In the late 50's and early 60's a number of technological innovations happened that radically changed all of this.
· The development of 16mm cameras with plastic rather than metal parts,
made shoulder-mounted equipment even lighter and quieter than before.
· Around the same time, lightweight, relatively quiet, battery-driven magnetic tape sound recorders were developed.
·
· Even more monumental was the development of a technology to obtain synchronous sound recording (I'll talk more about this next class)
· Film stock was becoming increasingly sensitive--allowing the possibility of shooting in low light.
· These new technologies held the unprecendented promise of allowing the filmmaker to circulate freely among his subjects without interrupting the action.
As early as 1958, at the National Film Board of Canada, two young filmmakers Michel Brault and Gilles Groulx used such a lightweight rig to more or less secretly film a snowshoe race in Quebec. Their film, Les Raquetteurs is in MRC if you want to check it out.
Equally momentous cinematic events were taking place in both the US and France.around this same time.
In France cinematic ground was being broken by a fellow named Jean Rouch.
Rouche was a filmmaker who had distinguished himself doing ethnographic films in Africa in the 1950s---mostly in Niger and Ghana. Films include Jaguar (shot in early 50s) and Les Maitres fous (1954) (the Haouka cult in Niger)
In 1960 Rouch was persuaded by French sociologist Edgar Morin, to undertake a film experiment closer to home.
Morin suggested that they jointly make a film focusing on the "strange tribes that live in paris."
(this harkens back to Grierson's comment to Flaherty about his preference for shooting the "savages of Birmingham" rather than the savages of far-off, exotic places.

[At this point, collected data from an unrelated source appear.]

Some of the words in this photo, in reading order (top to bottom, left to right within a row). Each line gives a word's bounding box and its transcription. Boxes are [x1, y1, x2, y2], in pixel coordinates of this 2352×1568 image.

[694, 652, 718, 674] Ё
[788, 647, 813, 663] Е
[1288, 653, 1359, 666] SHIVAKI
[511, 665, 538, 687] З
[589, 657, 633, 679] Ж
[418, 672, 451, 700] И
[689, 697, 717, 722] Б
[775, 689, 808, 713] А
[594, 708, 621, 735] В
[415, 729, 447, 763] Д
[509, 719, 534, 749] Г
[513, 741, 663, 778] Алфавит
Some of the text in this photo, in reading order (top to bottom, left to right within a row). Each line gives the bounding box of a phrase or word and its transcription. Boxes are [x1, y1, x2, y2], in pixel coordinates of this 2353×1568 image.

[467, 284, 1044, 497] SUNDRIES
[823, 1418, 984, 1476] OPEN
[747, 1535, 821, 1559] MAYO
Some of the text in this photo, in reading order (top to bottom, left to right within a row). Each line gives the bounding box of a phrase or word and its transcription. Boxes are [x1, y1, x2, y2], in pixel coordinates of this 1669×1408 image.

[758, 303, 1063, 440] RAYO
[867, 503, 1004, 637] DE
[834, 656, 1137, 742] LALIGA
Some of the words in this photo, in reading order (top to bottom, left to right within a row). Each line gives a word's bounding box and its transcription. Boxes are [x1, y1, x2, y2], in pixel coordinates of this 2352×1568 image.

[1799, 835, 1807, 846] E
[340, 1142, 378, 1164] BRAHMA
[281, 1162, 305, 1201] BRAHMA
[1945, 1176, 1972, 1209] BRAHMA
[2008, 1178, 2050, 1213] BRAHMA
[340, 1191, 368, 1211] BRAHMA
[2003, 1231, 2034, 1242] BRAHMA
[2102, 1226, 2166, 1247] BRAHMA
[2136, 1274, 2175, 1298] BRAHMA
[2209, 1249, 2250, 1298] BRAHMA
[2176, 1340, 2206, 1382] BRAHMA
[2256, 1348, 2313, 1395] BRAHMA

Rouch had met Michel Brault in California a year earlier and had enlisted him in the project as cinematographer.
In undertaking this film, Rouch wanted to experiment with
a number of new approaches and theories about the documentary and ethnographic film forms
that he had been toying with for a number of years.
Troubled by the ethical and artistic problems encountered in attempting to document the life of another culture,
Rouch had experimented in several of his earlier ethnographic films with allowing individuals from the culture being filmed
to either
· comment on the action taking place in the film in voice over,
· or to use the filming as a way of enacting or performing their personal and cultural fantasy lives.
For Rouch, it became apparent that
· any attempt to film a subject as if the camera were not there was an impossibility, a total lie.
· The camera always created its own reality, it's own set of truths
which could be more revealing and interesting and true than unfilmed reality.
Instead of vainly attempting to act as a non-intervening "fly on the wall," The filmmaker could instead
serve as a kind of participant and agent provocateur and catalyst,
eliciting these personal crises and revelations.
Rouch called his particular brand of cinema cinema verite--literally cinema truth--as an homage to Vertov (Cinema Pravda)
This was a fairly radical contrast to the style of observational film being developed at the same time in the US (Direct Cinema)
As we'll see next class, the practitioners of that style were vehement in their belief that
the essence of life situations were most effectively revealed when simply observed without intervention.
Interesting that the terms cinema verite and direct cinema are often used interchangeably--initially, the philosophies and strategies of these two cinematic movement were poles appart, even if the surface look of the films was often similar.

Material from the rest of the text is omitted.